• [Exercise description]
Copy the entries out again in full.

• [Material for this task]
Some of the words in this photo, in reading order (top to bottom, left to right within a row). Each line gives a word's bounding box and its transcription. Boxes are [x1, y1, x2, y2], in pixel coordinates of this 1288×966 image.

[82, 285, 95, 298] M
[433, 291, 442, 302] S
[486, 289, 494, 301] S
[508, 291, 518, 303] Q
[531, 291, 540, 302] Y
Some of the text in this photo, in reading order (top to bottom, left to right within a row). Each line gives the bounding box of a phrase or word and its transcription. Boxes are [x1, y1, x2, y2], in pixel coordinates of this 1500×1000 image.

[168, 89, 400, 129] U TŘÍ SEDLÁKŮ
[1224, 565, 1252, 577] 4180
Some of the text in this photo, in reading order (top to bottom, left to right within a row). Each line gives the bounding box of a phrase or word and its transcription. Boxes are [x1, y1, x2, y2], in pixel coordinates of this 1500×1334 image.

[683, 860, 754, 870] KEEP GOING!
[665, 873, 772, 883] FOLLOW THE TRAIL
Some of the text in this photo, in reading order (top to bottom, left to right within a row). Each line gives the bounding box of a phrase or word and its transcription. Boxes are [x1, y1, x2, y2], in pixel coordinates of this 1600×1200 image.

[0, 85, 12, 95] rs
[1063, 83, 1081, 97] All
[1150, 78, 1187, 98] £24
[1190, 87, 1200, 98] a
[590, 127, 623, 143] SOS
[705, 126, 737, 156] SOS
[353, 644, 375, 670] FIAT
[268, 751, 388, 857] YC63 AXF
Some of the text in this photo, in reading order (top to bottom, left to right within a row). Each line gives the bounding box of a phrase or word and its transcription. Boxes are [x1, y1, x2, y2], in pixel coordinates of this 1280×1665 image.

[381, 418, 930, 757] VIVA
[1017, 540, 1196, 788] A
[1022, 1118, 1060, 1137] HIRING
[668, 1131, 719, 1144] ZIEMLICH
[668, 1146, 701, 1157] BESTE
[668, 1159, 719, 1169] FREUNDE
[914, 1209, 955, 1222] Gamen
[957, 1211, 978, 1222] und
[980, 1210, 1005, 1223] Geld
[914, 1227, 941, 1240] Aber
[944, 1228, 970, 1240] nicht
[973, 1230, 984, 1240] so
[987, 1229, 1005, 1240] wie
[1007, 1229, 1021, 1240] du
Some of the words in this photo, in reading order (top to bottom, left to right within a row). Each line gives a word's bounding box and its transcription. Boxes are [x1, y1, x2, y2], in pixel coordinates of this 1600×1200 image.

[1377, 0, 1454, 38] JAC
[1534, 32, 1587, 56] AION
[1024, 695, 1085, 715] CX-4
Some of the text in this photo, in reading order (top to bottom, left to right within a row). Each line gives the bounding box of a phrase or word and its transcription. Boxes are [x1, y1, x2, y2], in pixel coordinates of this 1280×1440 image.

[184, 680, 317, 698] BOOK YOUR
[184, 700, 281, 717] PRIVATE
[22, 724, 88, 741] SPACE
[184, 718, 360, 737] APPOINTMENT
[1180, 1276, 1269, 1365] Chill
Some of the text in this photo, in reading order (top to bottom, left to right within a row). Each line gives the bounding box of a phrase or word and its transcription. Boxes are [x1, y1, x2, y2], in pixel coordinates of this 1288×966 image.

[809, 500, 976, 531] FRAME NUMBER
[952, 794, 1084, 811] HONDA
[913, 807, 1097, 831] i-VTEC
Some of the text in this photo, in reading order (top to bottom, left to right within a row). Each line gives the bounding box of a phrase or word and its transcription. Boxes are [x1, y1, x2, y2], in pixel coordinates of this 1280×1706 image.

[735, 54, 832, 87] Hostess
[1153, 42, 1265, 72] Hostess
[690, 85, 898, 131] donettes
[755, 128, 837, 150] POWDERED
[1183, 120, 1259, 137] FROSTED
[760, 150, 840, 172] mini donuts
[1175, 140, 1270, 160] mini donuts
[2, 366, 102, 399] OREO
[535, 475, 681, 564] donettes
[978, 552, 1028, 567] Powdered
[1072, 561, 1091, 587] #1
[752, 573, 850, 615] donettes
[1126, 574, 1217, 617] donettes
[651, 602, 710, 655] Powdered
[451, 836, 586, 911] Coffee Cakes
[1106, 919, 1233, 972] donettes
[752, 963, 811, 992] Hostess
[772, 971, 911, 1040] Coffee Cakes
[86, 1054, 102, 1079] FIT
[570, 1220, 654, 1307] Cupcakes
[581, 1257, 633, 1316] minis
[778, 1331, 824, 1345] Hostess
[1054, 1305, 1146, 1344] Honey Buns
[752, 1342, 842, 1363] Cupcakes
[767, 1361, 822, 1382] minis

• [Output of the exercise]
Some of the words in this photo, in reading order (top to bottom, left to right within a row). Each line gives a word's bounding box and its transcription. Boxes are [x1, y1, x2, y2], in pixel coordinates of this 1288×966 image.

[82, 285, 95, 298] M
[433, 291, 442, 302] S
[486, 289, 494, 301] S
[508, 291, 518, 303] Q
[531, 291, 540, 302] Y
Some of the text in this photo, in reading order (top to bottom, left to right within a row). Each line gives the bounding box of a phrase or word and its transcription. Boxes are [x1, y1, x2, y2], in pixel coordinates of this 1500×1000 image.

[168, 89, 400, 129] U TŘÍ SEDLÁKŮ
[1224, 565, 1252, 577] 4180
Some of the text in this photo, in reading order (top to bottom, left to right within a row). Each line gives the bounding box of a phrase or word and its transcription. Boxes are [x1, y1, x2, y2], in pixel coordinates of this 1500×1334 image.

[683, 860, 754, 870] KEEP GOING!
[665, 873, 772, 883] FOLLOW THE TRAIL
Some of the text in this photo, in reading order (top to bottom, left to right within a row). Each line gives the bounding box of a phrase or word and its transcription. Boxes are [x1, y1, x2, y2], in pixel coordinates of this 1600×1200 image.

[0, 85, 12, 95] rs
[1063, 83, 1081, 97] All
[1150, 78, 1187, 98] £24
[1190, 87, 1200, 98] a
[590, 127, 623, 143] SOS
[705, 126, 737, 156] SOS
[353, 644, 375, 670] FIAT
[268, 751, 388, 857] YC63 AXF
Some of the text in this photo, in reading order (top to bottom, left to right within a row). Each line gives the bounding box of a phrase or word and its transcription. Boxes are [x1, y1, x2, y2], in pixel coordinates of this 1280×1665 image.

[381, 418, 930, 757] VIVA
[1017, 540, 1196, 788] A
[1022, 1118, 1060, 1137] HIRING
[668, 1131, 719, 1144] ZIEMLICH
[668, 1146, 701, 1157] BESTE
[668, 1159, 719, 1169] FREUNDE
[914, 1209, 955, 1222] Gamen
[957, 1211, 978, 1222] und
[980, 1210, 1005, 1223] Geld
[914, 1227, 941, 1240] Aber
[944, 1228, 970, 1240] nicht
[973, 1230, 984, 1240] so
[987, 1229, 1005, 1240] wie
[1007, 1229, 1021, 1240] du
Some of the words in this photo, in reading order (top to bottom, left to right within a row). Each line gives a word's bounding box and its transcription. Boxes are [x1, y1, x2, y2], in pixel coordinates of this 1600×1200 image.

[1377, 0, 1454, 38] JAC
[1534, 32, 1587, 56] AION
[1024, 695, 1085, 715] CX-4
Some of the text in this photo, in reading order (top to bottom, left to right within a row). Each line gives the bounding box of a phrase or word and its transcription. Boxes are [x1, y1, x2, y2], in pixel coordinates of this 1280×1440 image.

[184, 680, 317, 698] BOOK YOUR
[184, 700, 281, 717] PRIVATE
[22, 724, 88, 741] SPACE
[184, 718, 360, 737] APPOINTMENT
[1180, 1276, 1269, 1365] Chill
Some of the text in this photo, in reading order (top to bottom, left to right within a row). Each line gives the bounding box of a phrase or word and its transcription. Boxes are [x1, y1, x2, y2], in pixel coordinates of this 1288×966 image.

[809, 500, 976, 531] FRAME NUMBER
[952, 794, 1084, 811] HONDA
[913, 807, 1097, 831] i-VTEC
Some of the text in this photo, in reading order (top to bottom, left to right within a row). Each line gives the bounding box of a phrase or word and its transcription. Boxes are [x1, y1, x2, y2], in pixel coordinates of this 1280×1706 image.

[735, 54, 832, 87] Hostess
[1153, 42, 1265, 72] Hostess
[690, 85, 898, 131] donettes
[755, 128, 837, 150] POWDERED
[1183, 120, 1259, 137] FROSTED
[760, 150, 840, 172] mini donuts
[1175, 140, 1270, 160] mini donuts
[2, 366, 102, 399] OREO
[535, 475, 681, 564] donettes
[978, 552, 1028, 567] Powdered
[1072, 561, 1091, 587] #1
[752, 573, 850, 615] donettes
[1126, 574, 1217, 617] donettes
[651, 602, 710, 655] Powdered
[451, 836, 586, 911] Coffee Cakes
[1106, 919, 1233, 972] donettes
[752, 963, 811, 992] Hostess
[772, 971, 911, 1040] Coffee Cakes
[86, 1054, 102, 1079] FIT
[570, 1220, 654, 1307] Cupcakes
[581, 1257, 633, 1316] minis
[778, 1331, 824, 1345] Hostess
[1054, 1305, 1146, 1344] Honey Buns
[752, 1342, 842, 1363] Cupcakes
[767, 1361, 822, 1382] minis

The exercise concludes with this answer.